En su espléndida autobiografía, Bertrand Russell cuenta que siendo niño su abuela le regaló una Biblia en la que había subrayado el precepto: “no seguirás a la multitud para hacer el mal”. Es una norma adecuada, pero que me parece redundante porque ¿qué otra razón vas a tener para seguir a la multitud, sino hacer el mal?
Quiero morir “gorila”, solitario en lo más alto, luchando y perdiendo pero sin dejar de amar desesperadamente: como King Kong.
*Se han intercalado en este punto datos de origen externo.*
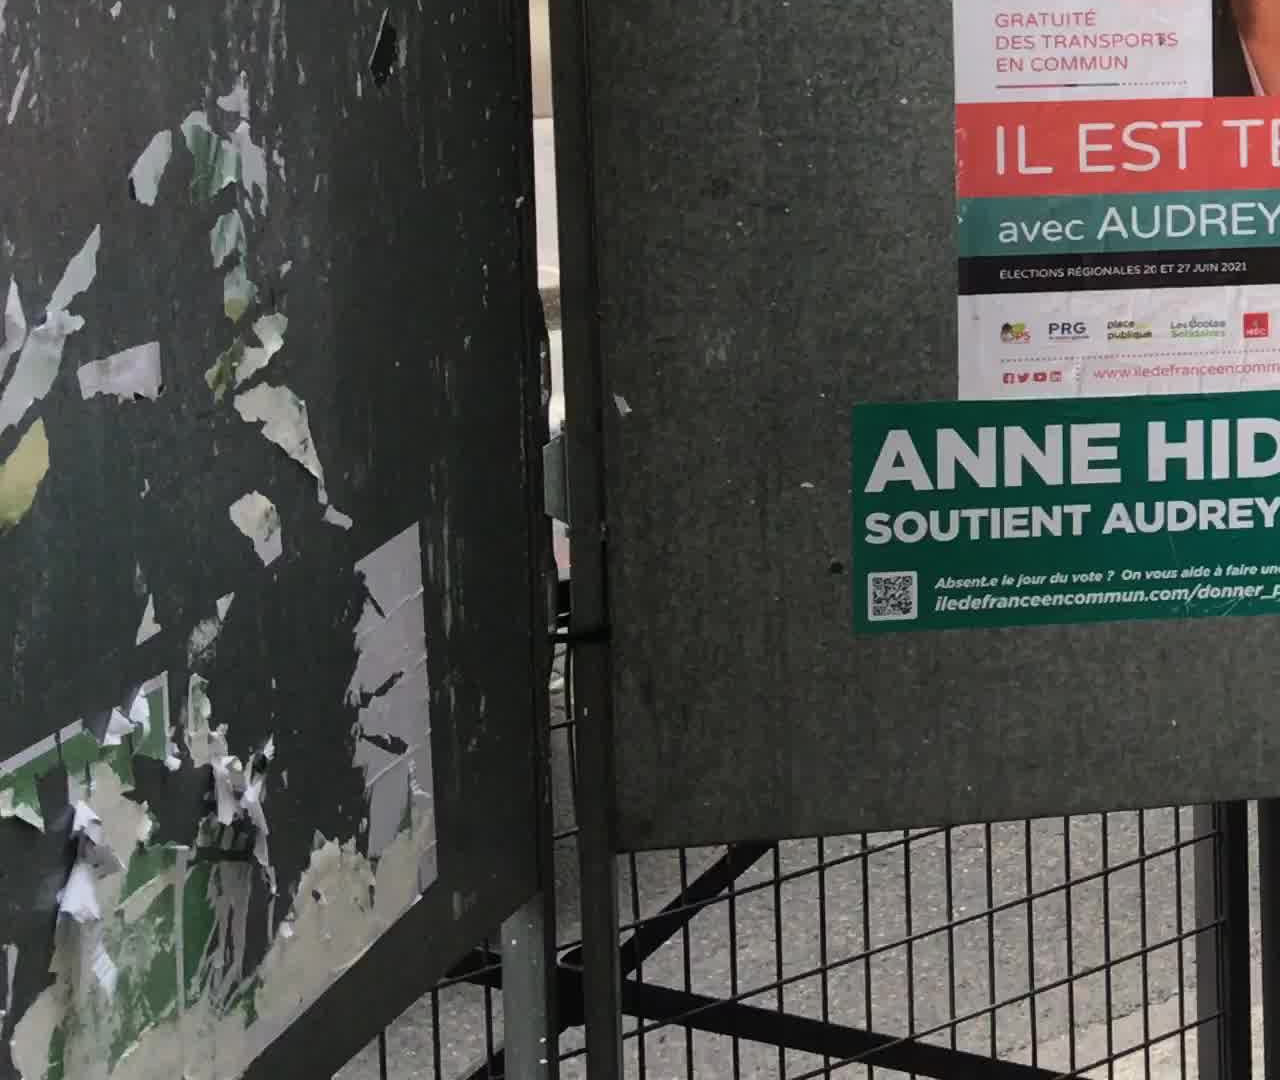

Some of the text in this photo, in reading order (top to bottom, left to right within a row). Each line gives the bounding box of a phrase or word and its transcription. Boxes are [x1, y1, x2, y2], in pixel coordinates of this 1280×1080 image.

[995, 8, 1096, 27] GRATUITÉ
[996, 32, 1178, 50] DES TRANSPORTS
[997, 55, 1128, 72] EN COMMUN
[995, 124, 1052, 174] IL
[1078, 120, 1202, 173] EST
[999, 216, 1084, 244] avec
[1143, 265, 1157, 274] 20
[1160, 264, 1175, 274] ET
[1177, 264, 1191, 273] 27
[1193, 263, 1219, 272] JUIN
[1221, 262, 1247, 272] 2021
[1049, 322, 1087, 335] PRG
[864, 421, 1121, 493] ANNE
[864, 504, 1092, 545] SOUTIENT
[1001, 574, 1014, 585] le
[1016, 573, 1045, 587] jour
[1050, 572, 1067, 584] du
[1072, 572, 1103, 583] vote
[1121, 570, 1141, 580] On
[1145, 569, 1177, 579] vous
[1181, 566, 1210, 578] aide
[1214, 564, 1222, 576] à
[1225, 563, 1257, 576] faire
martes, 15 de abril de 2008

Hermanos

Han hecho de la soledad su fiebre y su morada: Diógenes el cínico, el ciego en su tiniebla, Gagarin frente al cosmos, el filósofo en Sils-Maria y la locura, la cruz en el Calvario, la daga entre las sábanas, el árbol del ahorcado, el mar la mar el mar sólo la mar, quien ignora el amor, el monte Fuji, la rabia oscura del puma, yo.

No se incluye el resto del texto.